College of St. Scholastica
College of St. Scholastica
The College of Saint Scholastica is a private college with its main campus located in Duluth, Minnesota. The College was founded in 1912 by a group of pioneering Benedictine Sisters who offered college courses to six young women. Today St. Scholastica educates more than 2,800 men and women and has graduated more than 13,000 alumni.
The 186-acre (0.75 km2) campus is set on a hill overlooking Lake Superior. Campus buildings include: Tower Hall, the Science Center, Our Lady Queen of Peace Chapel, the Myles Reif Recreation Center, Burns Wellness Commons, the 500-seat Mitchell Auditorium, the College Library, the Little Theatre, a newly-expanded Student Union, Somers Residence Hall and seven apartment complexes.
Adjoining the campus are St. Scholastica Monastery, home of the Benedictine Sisters, and the Benedictine Health Center, which serves the needs of the Duluth area and provides opportunities for practical experience for many of the College’s health science and behavioral arts and sciences students. St. Scholastica has a 13:1 student-to-teacher ratio and offers 17 intercollegiate athletics programs, with more than 50 extracurricular offerings.

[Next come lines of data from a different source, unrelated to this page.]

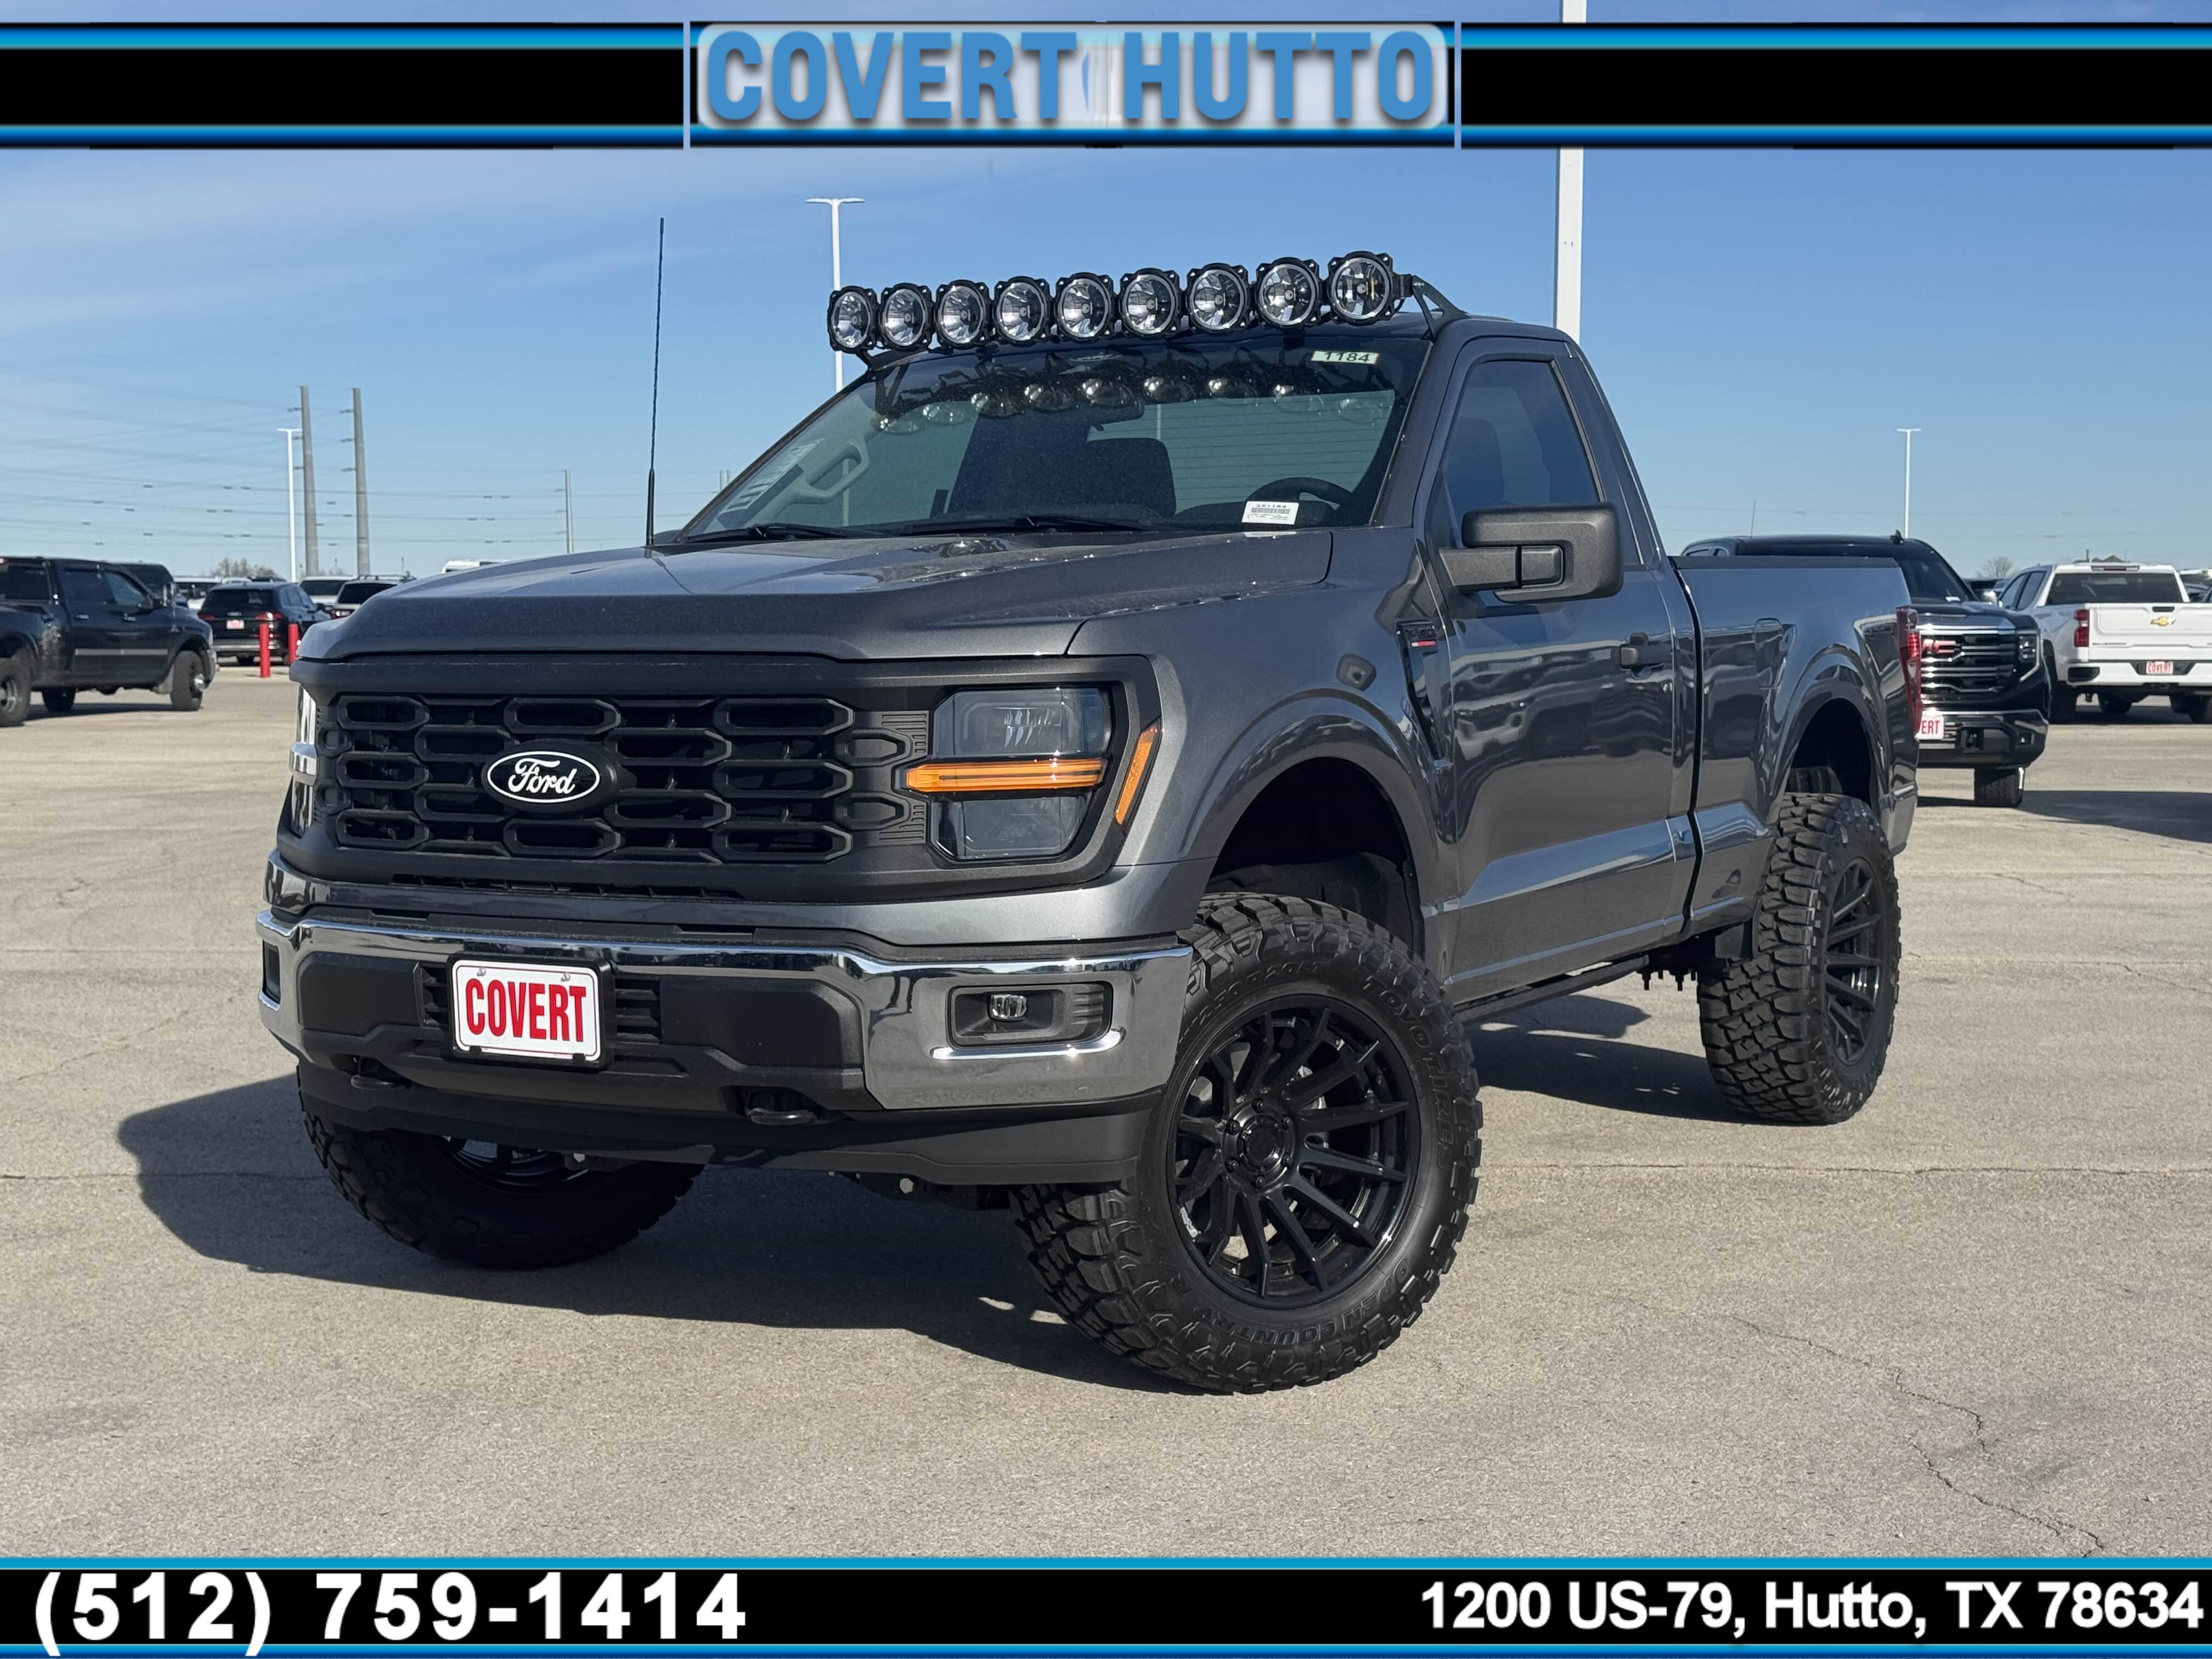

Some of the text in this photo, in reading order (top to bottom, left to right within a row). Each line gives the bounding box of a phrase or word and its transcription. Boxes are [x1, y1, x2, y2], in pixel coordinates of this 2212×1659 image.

[1324, 352, 1370, 362] 1184
[2148, 662, 2171, 673] COVERT
[508, 758, 578, 794] Ford
[466, 978, 587, 1042] COVERT
[1363, 975, 1454, 1172] TOYO TIRES
[1342, 1258, 1413, 1330] OPEN
[1194, 1307, 1337, 1346] COUNTRY

St. Scholastica is consistently recognized for excellence by U.S. News & World Report Report magazine. The magazine’s 2010 “America’s Best Colleges” ranks St. Scholastica in the Top Tier of regional universities in the Midwest.[2]
The college awards bachelor’s and master’s degrees, and two doctoral degrees, the Doctor of Physical Therapy and the Doctor of Nursing Practice. Undergraduate areas of study include business, computer science, education, English, humanities, mathematics, nursing and other health-related fields, religious studies, and sociology. Graduate programs include business, education, and health-related fields.
In addition to the main campus in Duluth, St. Scholastica also has sites in Brainerd, St. Cloud, Rochester, St. Paul, as well as a virtual campus.
St. Scholastica has a number of undergraduate programs, including Advertising, Biochemistry, Education, English, Exercise Physiology, Nursing, and Ojibwe Language and Culture Education. Graduate programs offered include the Doctor of Physical Therapy, Master of Education in Curriculum and Instruction, and Master of Arts in Computer Information Systems.
St. Scholastica utilizes a program called “Dignitas” (Dignity), which all students are required to take part in. Students are made to choose a single course their first year of school that may focus on as broad a category as the psychology behind human beings bowling alone. These classes are very participation-driven and have students do such hands-on things as helping out in the community, gardening, and creating a mission statement for one’s own life. St. Scholastica faculty is very proud of this program and claim that CSS was one of the very first colleges to use such a method to introduce their students to the campus, the faculty, and one another; they even go so far as to say that the springing up of similar programs over recent years in neighboring colleges was due to their influence.